> [What you have to do] Retype the entries exactly, keeping every line intact.

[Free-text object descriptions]
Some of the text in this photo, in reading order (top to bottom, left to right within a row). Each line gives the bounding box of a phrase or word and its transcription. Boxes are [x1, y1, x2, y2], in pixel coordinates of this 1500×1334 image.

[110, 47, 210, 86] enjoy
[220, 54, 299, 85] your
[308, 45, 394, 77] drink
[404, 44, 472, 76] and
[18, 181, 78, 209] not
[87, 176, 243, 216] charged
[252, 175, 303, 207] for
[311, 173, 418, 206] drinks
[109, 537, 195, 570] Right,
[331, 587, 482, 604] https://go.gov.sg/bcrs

> [Answer area]
Some of the text in this photo, in reading order (top to bottom, left to right within a row). Each line gives the bounding box of a phrase or word and its transcription. Boxes are [x1, y1, x2, y2], in pixel coordinates of this 1500×1334 image.

[110, 47, 210, 86] enjoy
[220, 54, 299, 85] your
[308, 45, 394, 77] drink
[404, 44, 472, 76] and
[18, 181, 78, 209] not
[87, 176, 243, 216] charged
[252, 175, 303, 207] for
[311, 173, 418, 206] drinks
[109, 537, 195, 570] Right,
[331, 587, 482, 604] https://go.gov.sg/bcrs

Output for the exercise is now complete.